Le sénateur Win Gatchalian a averti que le gouvernement philippin pourrait avoir besoin d'un budget supplémentaire « Bayanihan 3 » de 400 milliards de pesos pour maintenir l'économie à flot dans un contexte d'escalade des conflits au Moyen-Orient menaçant l'approvisionnement en pétrole. Il a souligné les risques pesant sur des routes maritimes vitales comme la mer Rouge. La Chambre des représentants prépare également une mesure similaire axée sur des réformes structurelles à long terme.
S'adressant aux journalistes, le sénateur Win Gatchalian a révélé que les projections du comité PROTECT du Sénat indiquent qu'une intervention législative massive sera nécessaire si les points de passage maritimes vitaux au-delà du détroit d'Ormuz venaient à fermer complètement.
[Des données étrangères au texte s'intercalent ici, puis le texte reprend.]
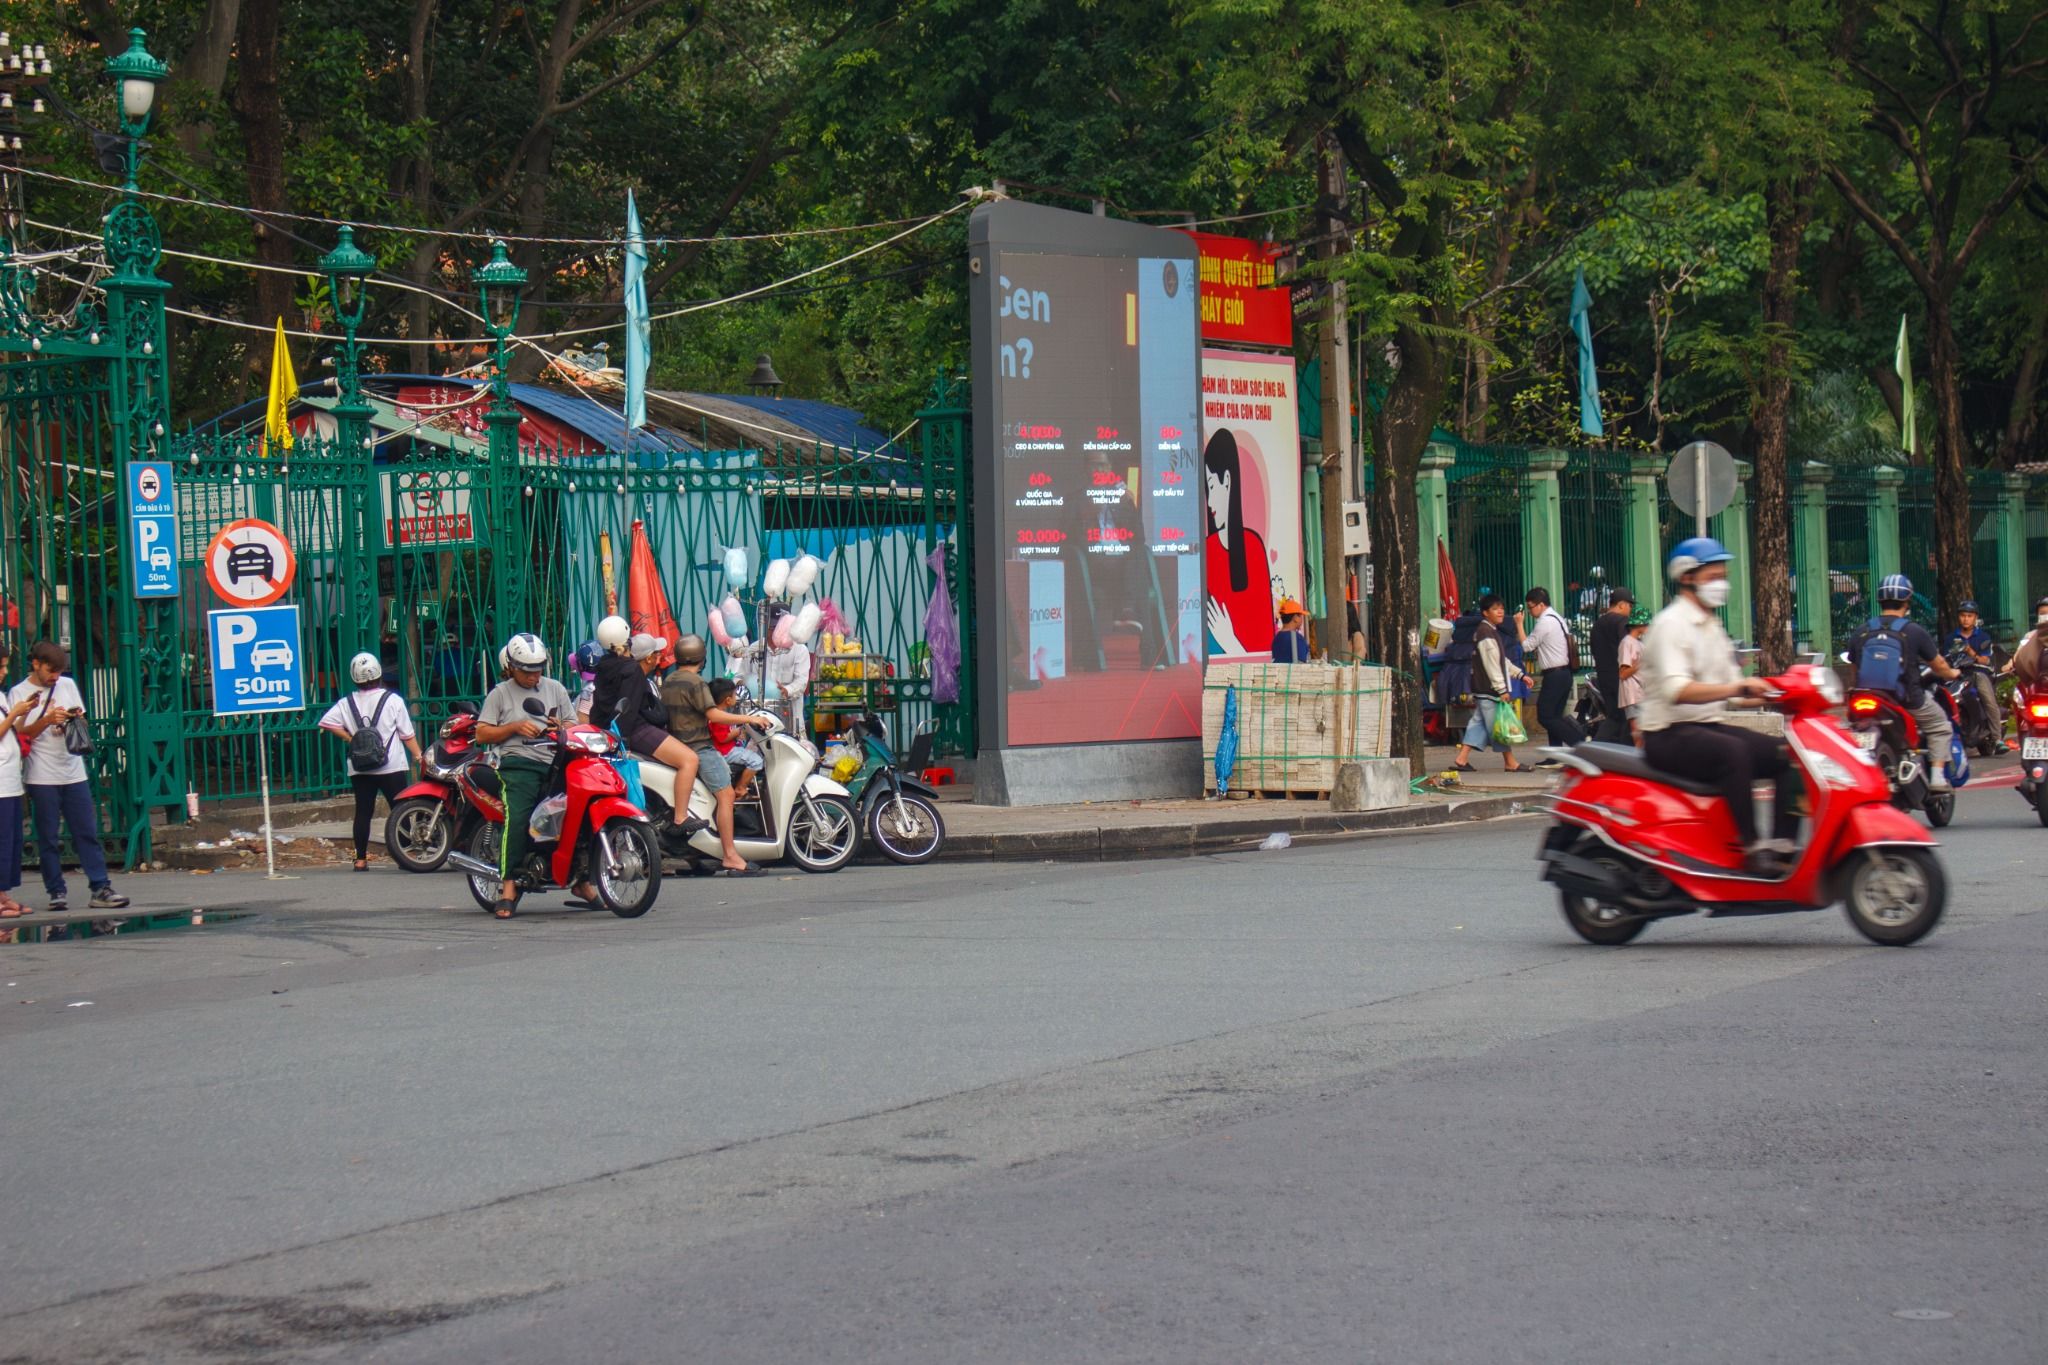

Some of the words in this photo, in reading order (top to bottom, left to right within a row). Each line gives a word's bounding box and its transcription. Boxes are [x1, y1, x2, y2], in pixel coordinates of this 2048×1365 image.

[1223, 252, 1254, 288] QUYẾT
[1224, 290, 1245, 326] GIỎI
[1241, 403, 1254, 420] CON
[138, 520, 159, 561] P
[148, 574, 167, 582] 50m
[216, 614, 258, 670] P
[234, 677, 291, 695] 50m
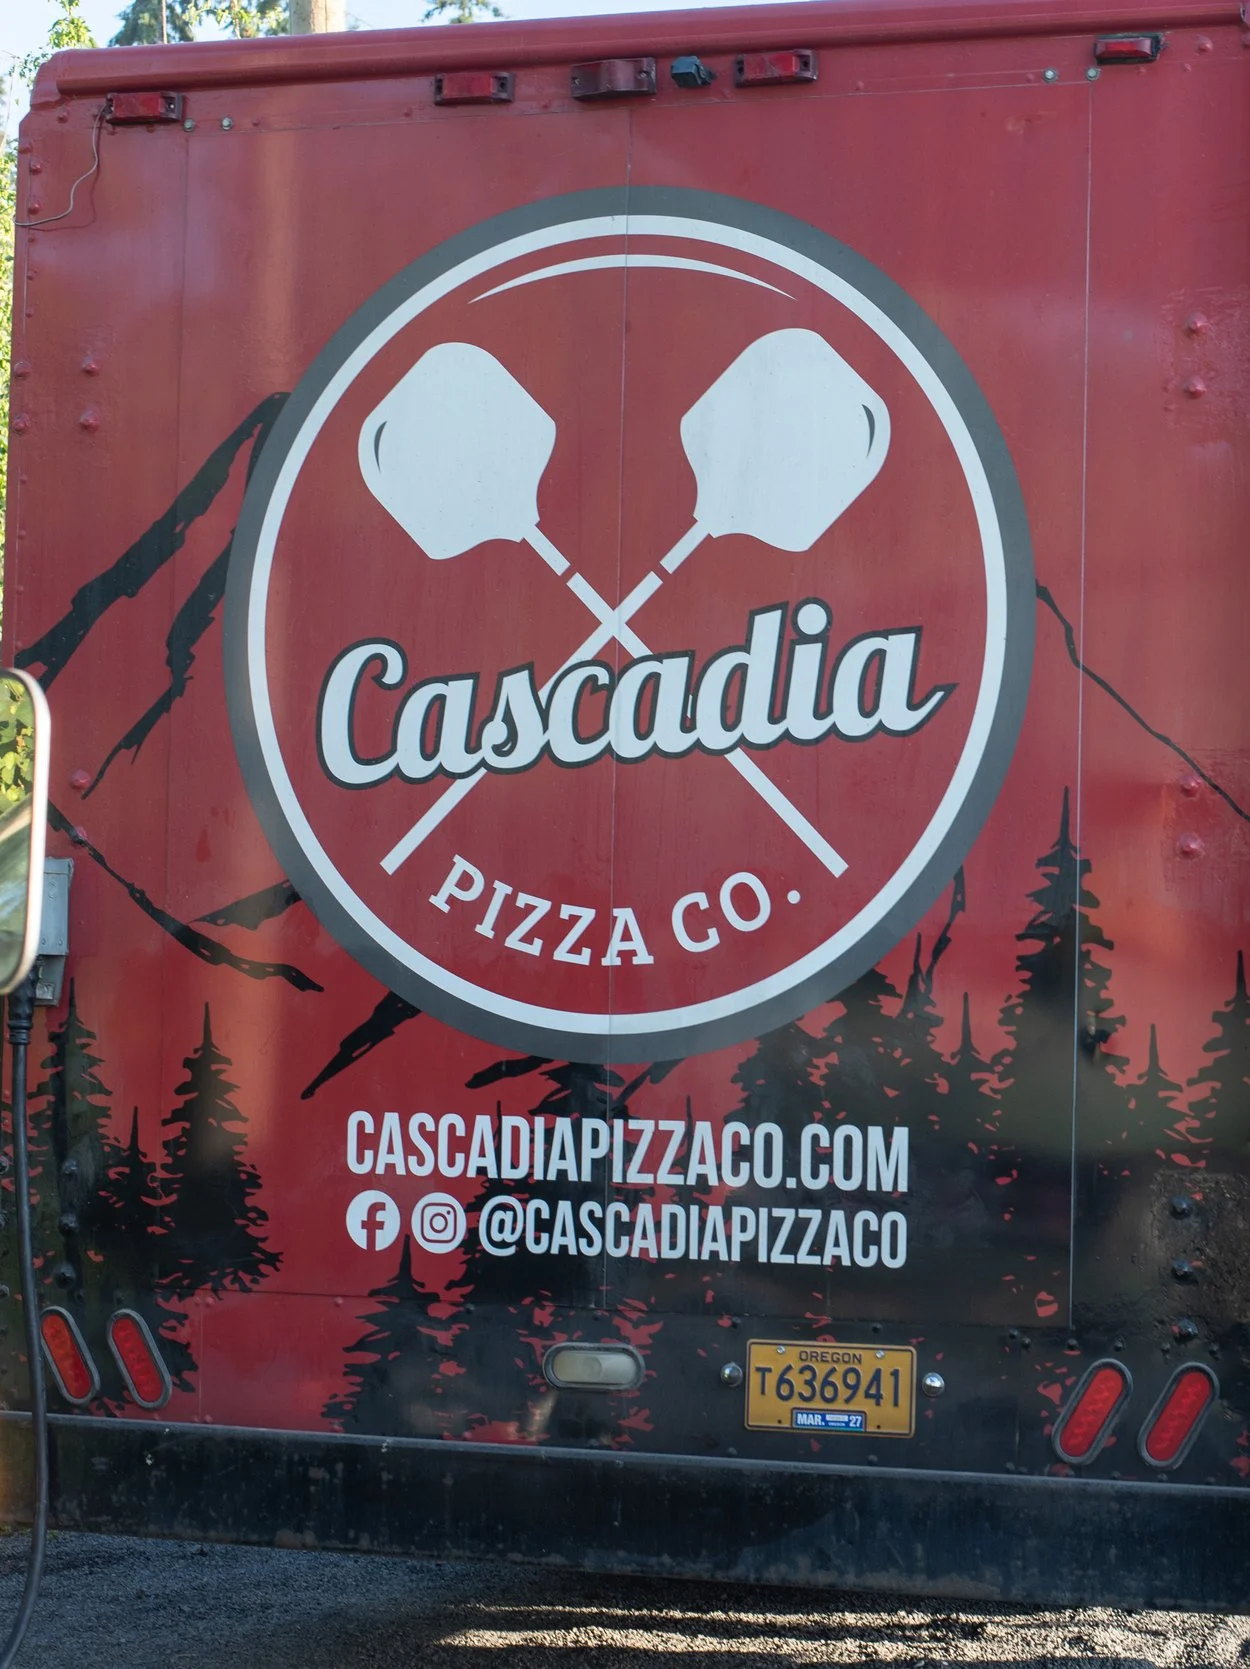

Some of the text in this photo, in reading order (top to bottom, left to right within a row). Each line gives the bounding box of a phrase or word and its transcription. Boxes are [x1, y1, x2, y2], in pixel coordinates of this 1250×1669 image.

[317, 597, 959, 790] Cascadia
[428, 854, 802, 967] PIZZA CO.
[346, 1109, 910, 1192] CASCADIAPIZZACO.COM
[478, 1194, 909, 1268] @CASCADIAPIZZACO
[755, 1364, 900, 1407] T636941
[799, 1350, 863, 1364] OREGON
[796, 1413, 825, 1426] MAR.
[849, 1415, 862, 1427] 27
Il a spécifiquement pointé du doigt la menace de fermeture de la mer Rouge, une route clé pour les exportations de pétrole saoudien vers les Philippines. « Selon nos calculs initiaux, dans le pire des scénarios, environ 400 milliards de pesos seraient nécessaires », a-t-il déclaré en philippin. « Supposons qu'il n'y ait plus d'entrées de pétrole – c'est le pire scénario, surtout si la situation perdure », a-t-il ajouté.
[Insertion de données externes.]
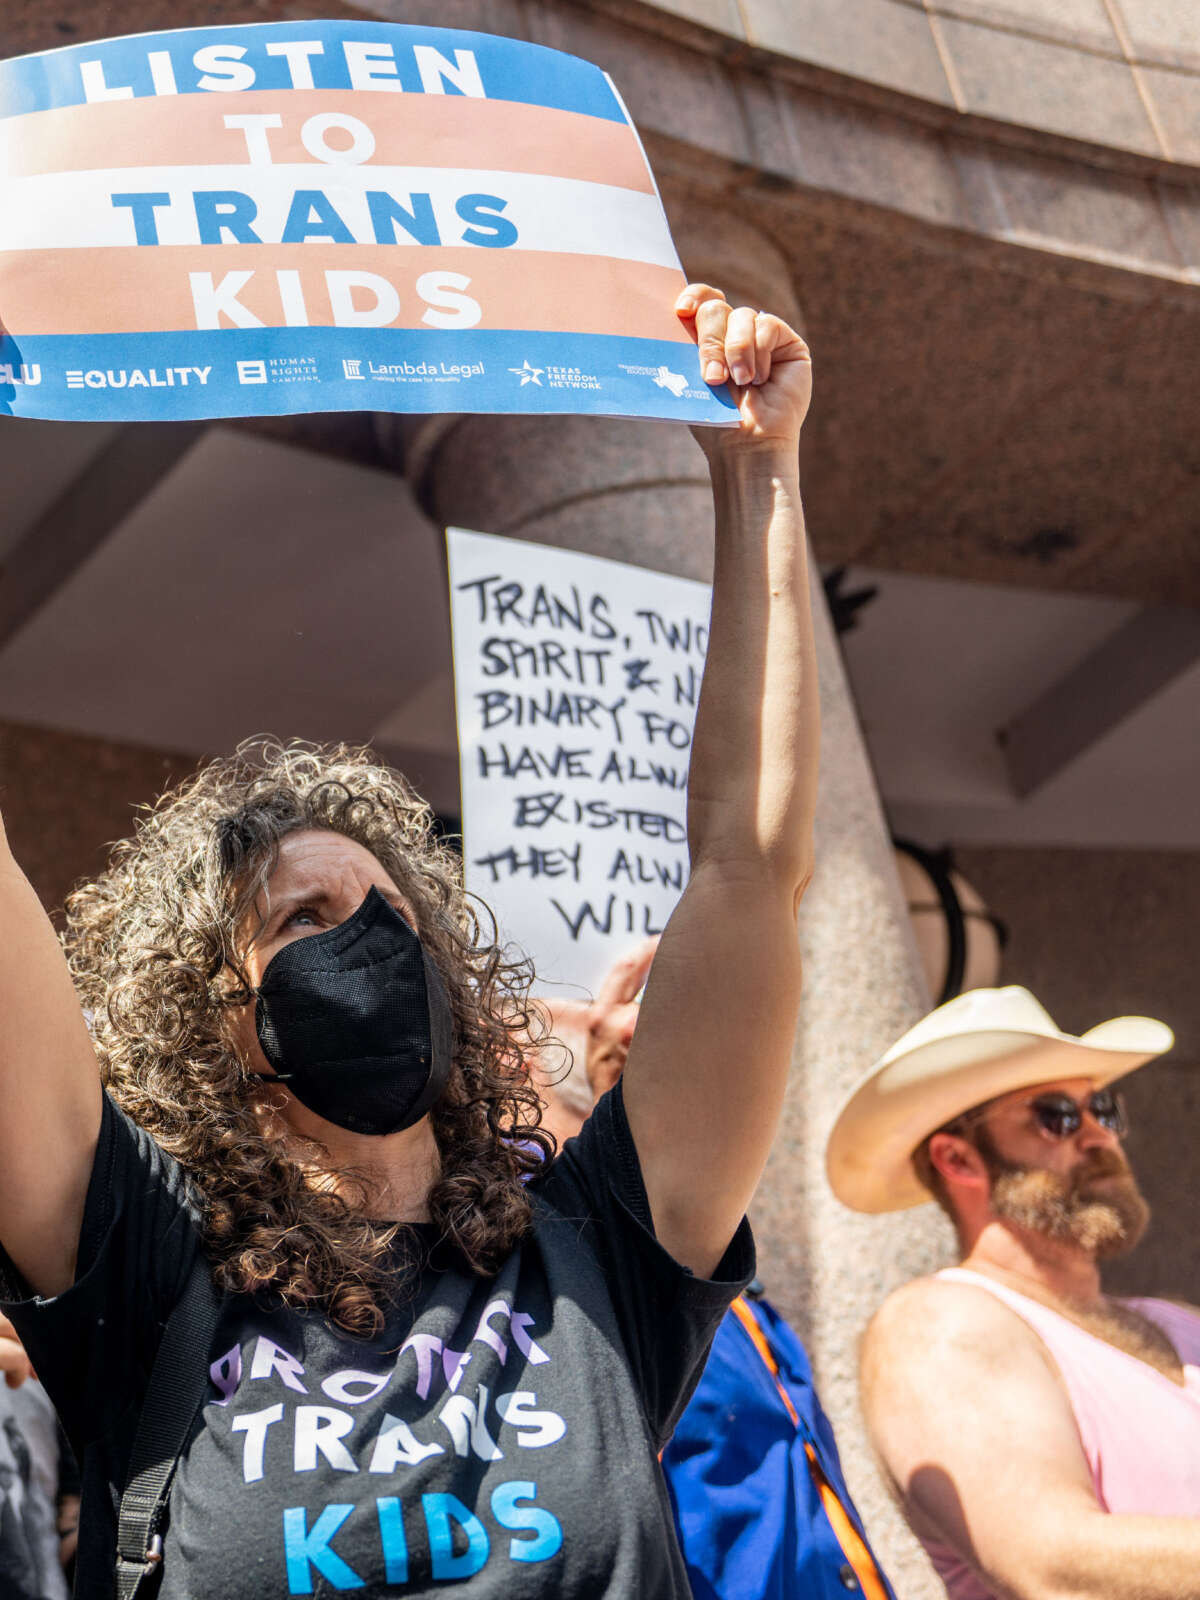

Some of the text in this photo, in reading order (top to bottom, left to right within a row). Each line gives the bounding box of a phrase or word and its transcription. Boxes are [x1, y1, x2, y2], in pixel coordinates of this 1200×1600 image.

[80, 41, 487, 104] LISTEN
[224, 112, 377, 166] TO
[111, 190, 519, 249] TRANS
[189, 270, 483, 330] KIDS
[66, 366, 212, 389] EQUALITY
[269, 357, 316, 367] HUMAN
[272, 366, 318, 376] RIGHTS
[368, 360, 485, 379] Lambda Legal
[545, 366, 582, 375] TEXAS
[547, 373, 598, 382] FREEDOM
[549, 380, 603, 390] NETWORK
[458, 576, 630, 650] TRANS,
[481, 637, 612, 688] SPIRIT
[476, 690, 626, 743] BINARY
[477, 743, 592, 780] HAVE
[514, 792, 687, 843] EXISTED
[474, 841, 582, 884] THEY
[231, 1384, 567, 1484] TRANS
[283, 1481, 563, 1595] KIDS
De son côté, le représentant Miro Quimbo, président de la commission des voies et moyens de la Chambre, a déclaré mardi que la Chambre élaborait une mesure « Bayanihan 3 » qui irait au-delà de l'aide financière directe pour inclure des réformes structurelles à long terme.
Le Sénat mène des simulations internes pour estimer les coûts d'interventions telles que des subventions ciblées pour les transports et des aides financières pour les salariés au salaire minimum. Le financement du seul programme Pantawid Pasada pourrait varier de 7,6 milliards à 61 milliards de pesos. Gatchalian a noté que le pouvoir exécutif dispose actuellement de 188 à 200 milliards de pesos pour des mesures de secours immédiates.